It’s hard not to get choked up (at least a little, if you’re human) when the credits come and you’re left reflecting on your own life at the end of Daylight Savings. Remarkable film, awesome performances, and a startling balance of lightheartedness and emotional depth makes Daylight Savings a hit sequel to Surrogate Valentine. In the prequel, Danny Boyle’s film revolved around a sad sack musician love-struck with a girl seemingly eons out of his league. You felt pity, but nothing more than that for Goh Nakamura. With Daylight Savings evolves a far different Goh, one who has matured and toughened up — a Goh who still quite doesn’t know what he wants in life, but puts himself out there in search of it regardless of what he ends up with.
Goh Nakamura is a singer, writer, and actor. His previous movie, Surrogate Valentine, drew rave reviews, including one in the New York Times about the witty and likeable, but awkward way in which his lines falls so naturally with the moment and context.
Goh is also a beautiful singer, and it showed as he treated the VAFF afterparty audience to a selection of his songs from Surrogate Valentine and Daylight Savings.

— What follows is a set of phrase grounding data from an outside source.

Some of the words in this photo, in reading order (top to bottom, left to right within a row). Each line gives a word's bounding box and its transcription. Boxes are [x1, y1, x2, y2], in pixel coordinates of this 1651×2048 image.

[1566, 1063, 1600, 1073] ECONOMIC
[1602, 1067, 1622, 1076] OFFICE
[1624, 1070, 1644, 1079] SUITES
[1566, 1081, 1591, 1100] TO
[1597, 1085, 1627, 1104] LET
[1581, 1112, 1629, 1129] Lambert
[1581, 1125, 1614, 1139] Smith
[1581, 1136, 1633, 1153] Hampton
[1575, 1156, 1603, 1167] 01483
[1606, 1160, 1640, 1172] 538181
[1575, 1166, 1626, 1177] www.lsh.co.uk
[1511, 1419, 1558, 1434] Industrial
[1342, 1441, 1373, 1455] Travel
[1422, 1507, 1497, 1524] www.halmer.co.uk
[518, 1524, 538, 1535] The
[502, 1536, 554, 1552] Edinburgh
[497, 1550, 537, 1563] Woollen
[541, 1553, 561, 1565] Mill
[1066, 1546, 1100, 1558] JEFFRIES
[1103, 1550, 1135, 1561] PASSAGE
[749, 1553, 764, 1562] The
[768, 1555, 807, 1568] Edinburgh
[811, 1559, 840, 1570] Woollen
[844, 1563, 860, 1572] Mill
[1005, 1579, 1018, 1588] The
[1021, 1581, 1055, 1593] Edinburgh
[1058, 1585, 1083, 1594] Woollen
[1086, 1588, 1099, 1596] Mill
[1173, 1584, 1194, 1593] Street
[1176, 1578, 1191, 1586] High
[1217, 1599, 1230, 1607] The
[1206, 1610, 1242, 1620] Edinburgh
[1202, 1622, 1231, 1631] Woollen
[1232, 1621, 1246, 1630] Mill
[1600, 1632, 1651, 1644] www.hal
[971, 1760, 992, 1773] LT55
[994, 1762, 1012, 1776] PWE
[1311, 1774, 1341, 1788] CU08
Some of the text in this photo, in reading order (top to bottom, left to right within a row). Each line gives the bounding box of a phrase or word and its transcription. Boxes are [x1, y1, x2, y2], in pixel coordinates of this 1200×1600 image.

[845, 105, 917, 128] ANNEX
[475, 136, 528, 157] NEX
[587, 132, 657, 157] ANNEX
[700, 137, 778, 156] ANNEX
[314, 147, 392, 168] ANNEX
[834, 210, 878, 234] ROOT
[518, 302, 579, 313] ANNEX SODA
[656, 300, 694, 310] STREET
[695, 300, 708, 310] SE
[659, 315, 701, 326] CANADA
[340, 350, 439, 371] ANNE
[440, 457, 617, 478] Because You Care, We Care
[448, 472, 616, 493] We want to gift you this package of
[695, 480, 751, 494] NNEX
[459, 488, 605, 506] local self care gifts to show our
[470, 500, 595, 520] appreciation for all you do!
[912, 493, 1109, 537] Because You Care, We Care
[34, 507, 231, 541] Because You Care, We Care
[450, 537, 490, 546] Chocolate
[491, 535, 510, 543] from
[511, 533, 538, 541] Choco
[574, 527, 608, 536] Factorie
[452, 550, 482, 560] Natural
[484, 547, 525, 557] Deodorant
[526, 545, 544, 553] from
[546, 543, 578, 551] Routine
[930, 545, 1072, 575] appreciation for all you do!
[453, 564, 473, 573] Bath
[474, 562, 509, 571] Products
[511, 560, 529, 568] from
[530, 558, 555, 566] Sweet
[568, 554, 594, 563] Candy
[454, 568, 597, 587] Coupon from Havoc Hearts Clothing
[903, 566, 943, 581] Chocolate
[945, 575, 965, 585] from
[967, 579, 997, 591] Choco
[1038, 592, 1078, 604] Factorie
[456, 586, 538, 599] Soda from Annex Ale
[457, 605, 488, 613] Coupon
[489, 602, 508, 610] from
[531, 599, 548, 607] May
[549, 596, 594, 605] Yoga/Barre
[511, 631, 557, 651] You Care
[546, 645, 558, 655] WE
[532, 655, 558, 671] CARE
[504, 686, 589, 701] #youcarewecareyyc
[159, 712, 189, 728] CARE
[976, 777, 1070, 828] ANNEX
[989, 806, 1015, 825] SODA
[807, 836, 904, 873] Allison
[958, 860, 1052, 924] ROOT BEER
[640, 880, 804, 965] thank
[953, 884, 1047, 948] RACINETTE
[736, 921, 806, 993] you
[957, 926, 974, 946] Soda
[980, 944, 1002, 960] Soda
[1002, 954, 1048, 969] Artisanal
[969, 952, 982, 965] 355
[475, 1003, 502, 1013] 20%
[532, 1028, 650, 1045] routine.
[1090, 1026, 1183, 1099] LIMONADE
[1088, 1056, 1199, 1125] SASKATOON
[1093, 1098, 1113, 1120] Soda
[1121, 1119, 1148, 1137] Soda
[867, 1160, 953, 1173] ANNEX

Yea-Ming Chen is a Taiwanese American singer who is in an emerging Indie rock band, Dreamdate. What was amazing about Daylight Savings is that both these actors are not professionally trained, but were discovered at other film festivals. Although heavily scripted, the film relied entirely on the chemistry between these two actors who had rehearsed and played out their lines together in public spaces like stories and bars to ensure the spontaneity and naturalness of their characters.